> **Images for object localization**:
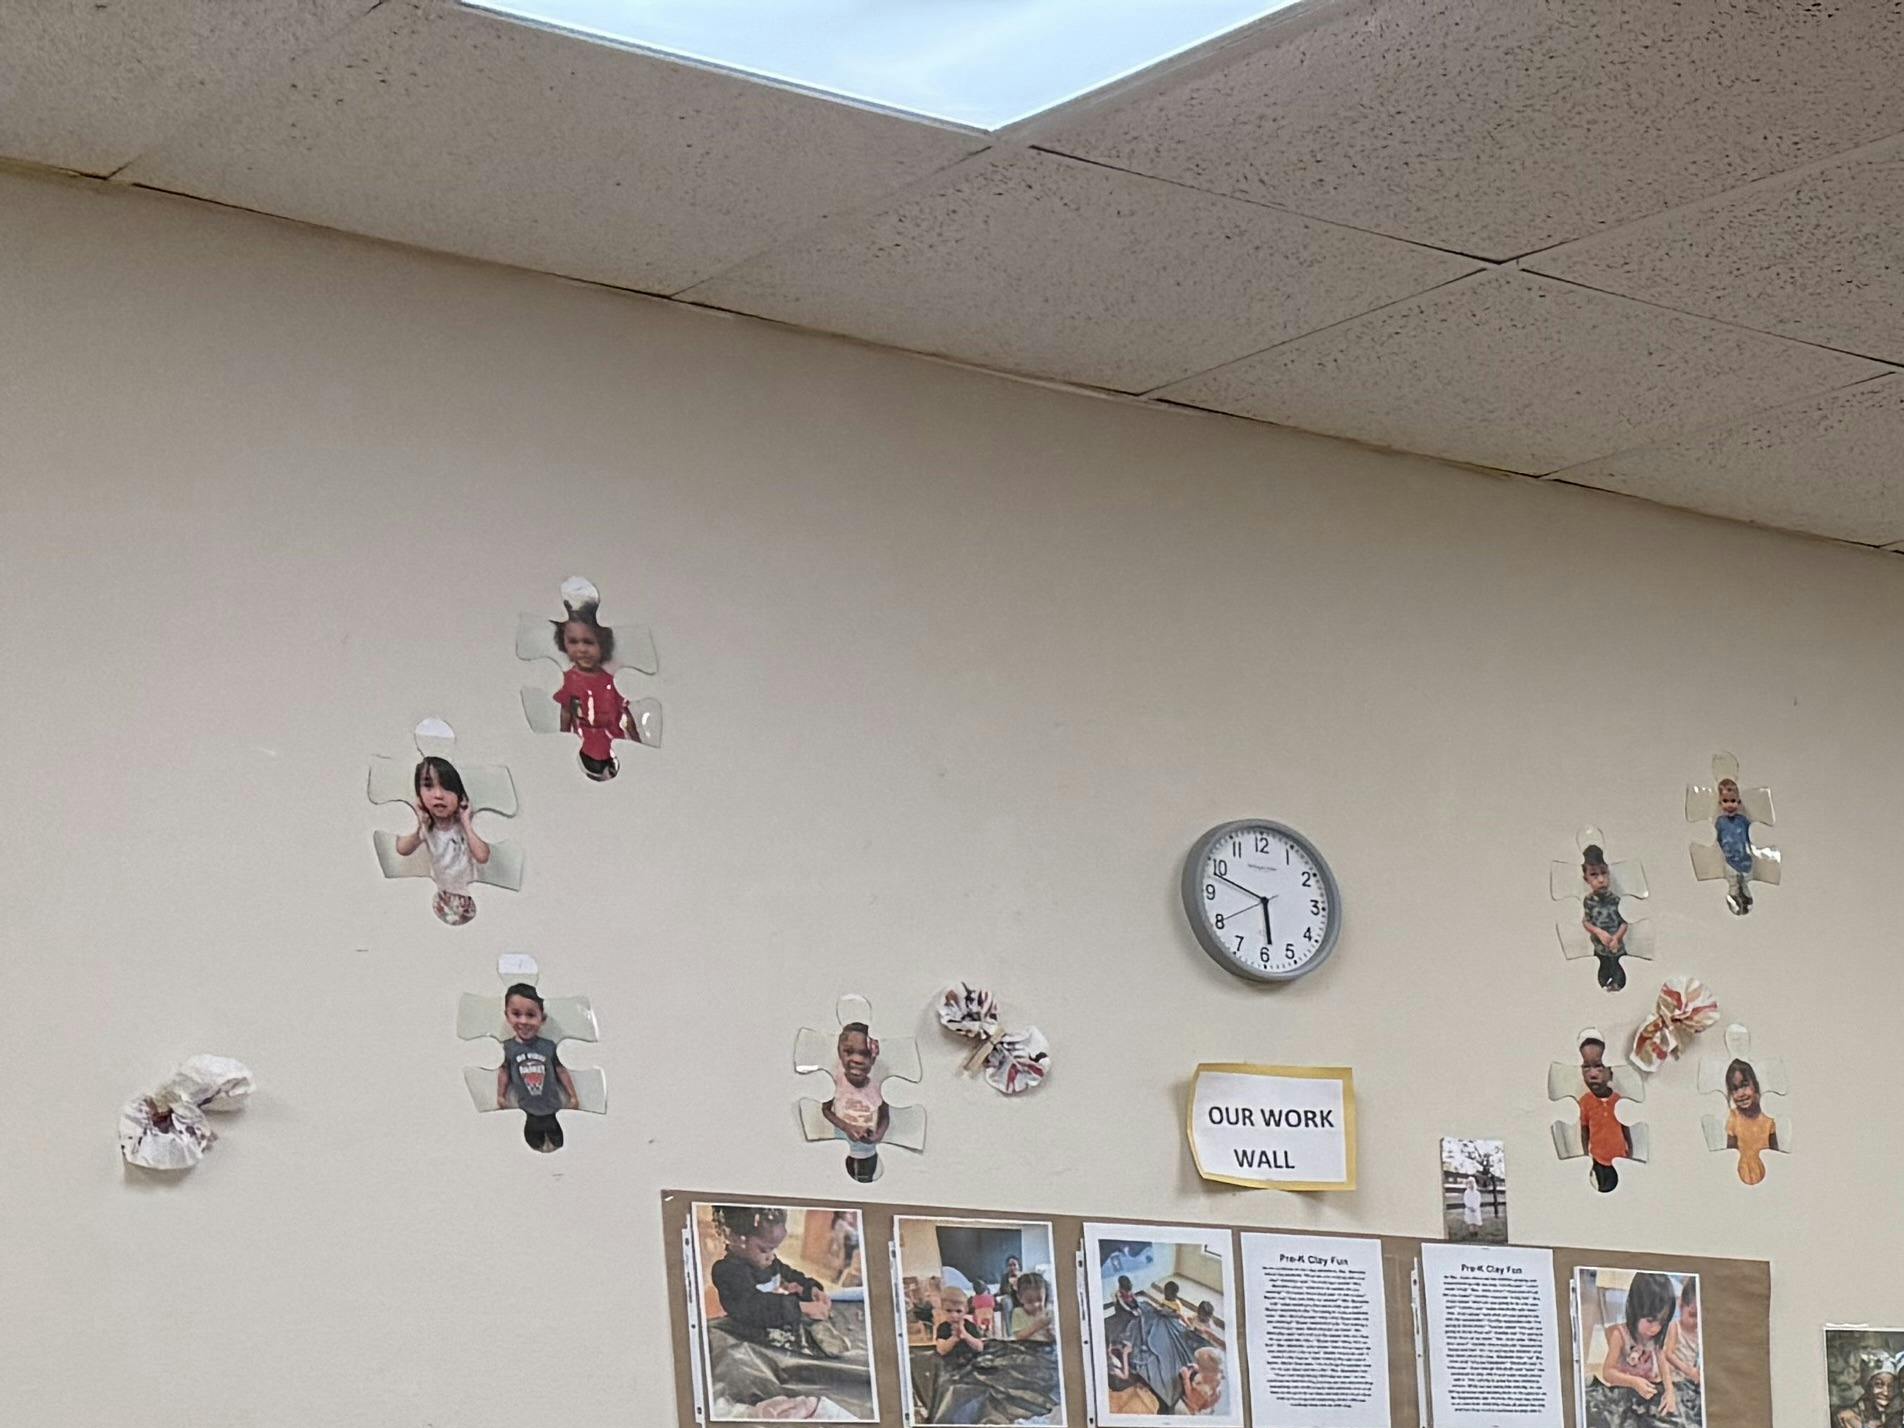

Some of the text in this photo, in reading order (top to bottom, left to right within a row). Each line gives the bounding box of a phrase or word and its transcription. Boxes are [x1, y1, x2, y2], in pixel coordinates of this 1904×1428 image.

[1232, 841, 1242, 858] 11
[1254, 836, 1270, 855] 12
[1285, 847, 1290, 866] 1
[1212, 858, 1228, 876] 10
[1301, 871, 1312, 888] 2
[1205, 884, 1216, 901] 9
[1309, 899, 1321, 916] 3
[1215, 913, 1225, 930] 8
[1303, 926, 1312, 942] 4
[1234, 935, 1244, 952] 7
[1285, 943, 1296, 960] 5
[1260, 946, 1270, 963] 6
[1208, 1105, 1335, 1128] OUR WORK
[1233, 1149, 1295, 1169] WALL
[1307, 1255, 1328, 1267] Clay

> **EXERCISE**:
The expected result is the data above in exact form, free of pictures.

> **EXERCISE RESPONSE**:
Some of the text in this photo, in reading order (top to bottom, left to right within a row). Each line gives the bounding box of a phrase or word and its transcription. Boxes are [x1, y1, x2, y2], in pixel coordinates of this 1904×1428 image.

[1232, 841, 1242, 858] 11
[1254, 836, 1270, 855] 12
[1285, 847, 1290, 866] 1
[1212, 858, 1228, 876] 10
[1301, 871, 1312, 888] 2
[1205, 884, 1216, 901] 9
[1309, 899, 1321, 916] 3
[1215, 913, 1225, 930] 8
[1303, 926, 1312, 942] 4
[1234, 935, 1244, 952] 7
[1285, 943, 1296, 960] 5
[1260, 946, 1270, 963] 6
[1208, 1105, 1335, 1128] OUR WORK
[1233, 1149, 1295, 1169] WALL
[1307, 1255, 1328, 1267] Clay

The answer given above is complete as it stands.